Reasons for Designation
Greyfriars Church, Reading is listed at Grade I for the following principal reasons:
Architectural interest:
* the building retains the core of its structure as a rare Franciscan friary church, with arcades to either side of the nave, original tracery patterns and walls of knapped flint;
* subject to a sympathetic programme of restoration by the local architect William Woodman in the C19, showing a scholarly and archaeological approach to the work.
Historic interest:
* as the best-preserved Franciscan church in England which is still operating as a place of public worship;
* a building with a notably varied career; the subject of conversion in the period between the C16 and C19 to serve as the Reading Guildhall and then a hospital and town gaol, the building retained much of its essential fabric and was then restored to use as a church.
History
The first written record of Reading dates from the ninth century when the name seems to have referred to a tribe, called Reada’s people. Reading’s position at the junction of the Thames and Kennet was crucial and it is possible that there was a river port here during the Roman occupation. The first mention of the town as a royal vill came in 870 due to a Viking camp, and by 1086 there was a thriving urban community, recorded in the Domesday Book. Reading Abbey was founded in 1121 and this transformed Reading into a place of pilgrimage as well as an important trading and ecclesiastical centre with one of the biggest and richest monasteries in England. By 1525 Reading was the largest town in Berkshire and the tenth largest in England when measured in taxable wealth due to its trade in wool and cloth.

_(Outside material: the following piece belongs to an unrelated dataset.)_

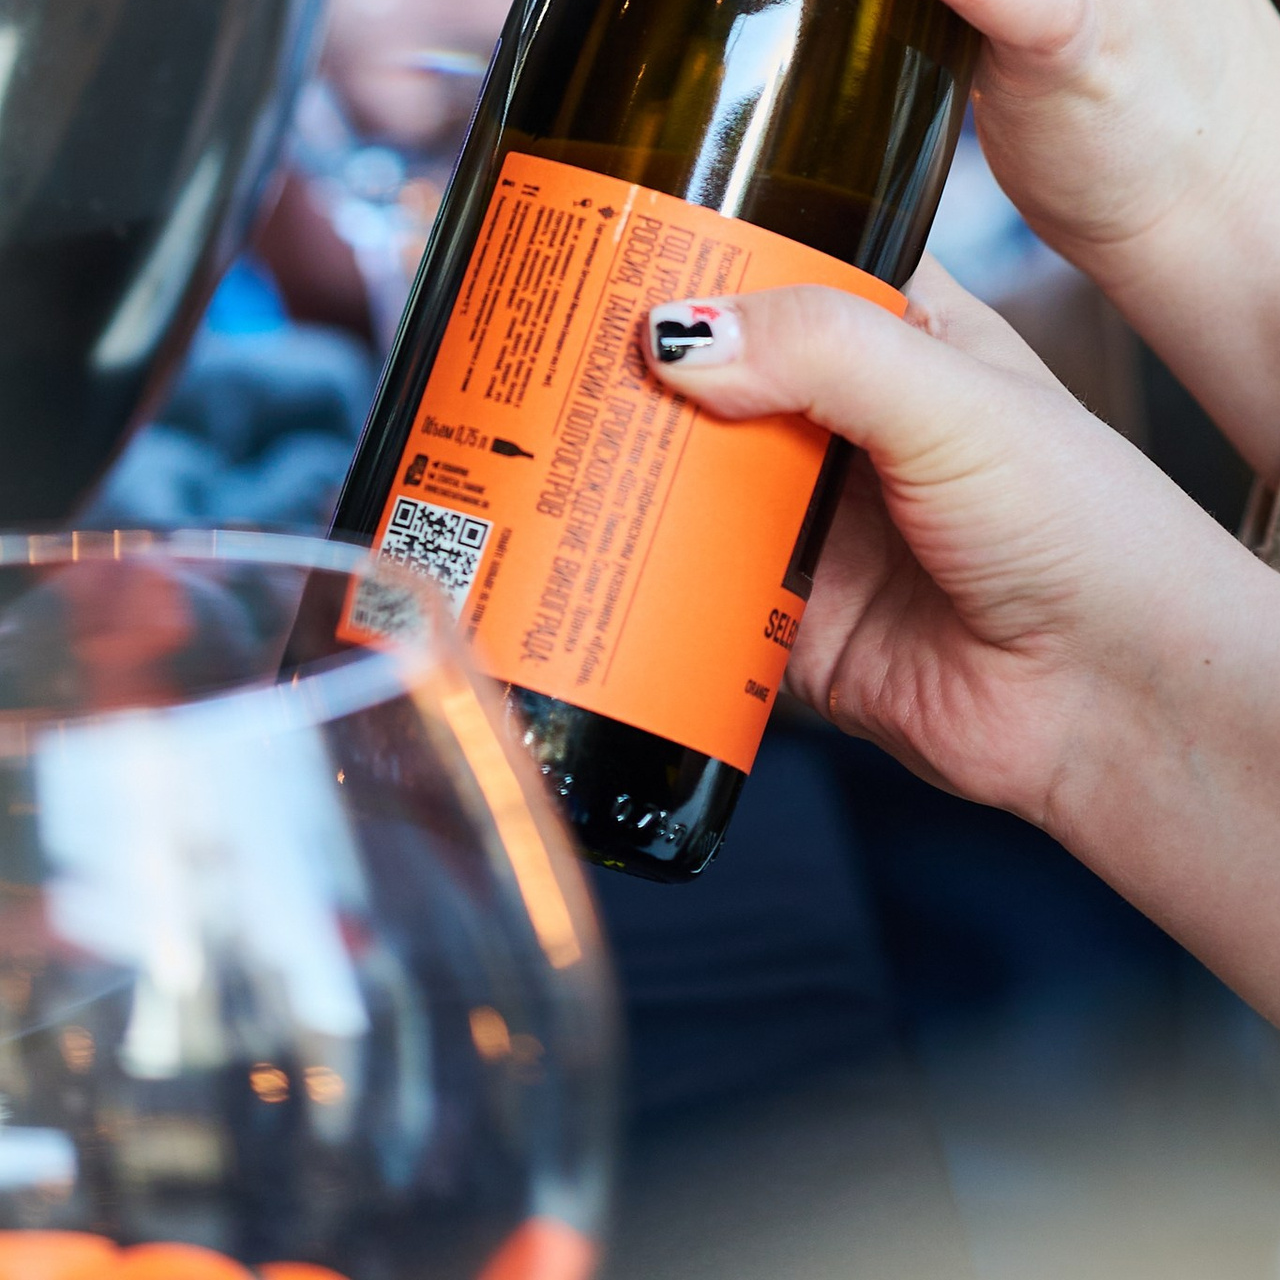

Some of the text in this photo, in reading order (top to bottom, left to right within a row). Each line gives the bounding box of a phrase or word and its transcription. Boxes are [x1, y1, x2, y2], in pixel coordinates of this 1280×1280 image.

The dissolution led to the monastic complex becoming a royal palace and by 1611 the town’s population had grown to over 5,000. A number of the timber-framed houses from this period survive in Castle Street and Market Place. The Civil War caused a defensive ring of earthworks to be built around the town and caused much damage.
During the C18, Reading became a prosperous market town and administrative centre, due to the development of the town’s waterways and road links. In 1723 the River Kennet was transformed into a canal, linking Reading to Newbury, further extended by the opening of the Kennet and Avon Canal in 1810, to create a route between Reading and the Bristol Channel. Turnpike roads were also improved, establishing major coaching routes from London to Oxford, the West Country and the southern coast. Iron works and brewing caused the expansion of the town further west along the Oxford and Bath Roads and in the older part of Reading, many older, timber-framed buildings were refaced in fashionable brick. A new town hall was built just northeast of the west end of Friary Street in 1786.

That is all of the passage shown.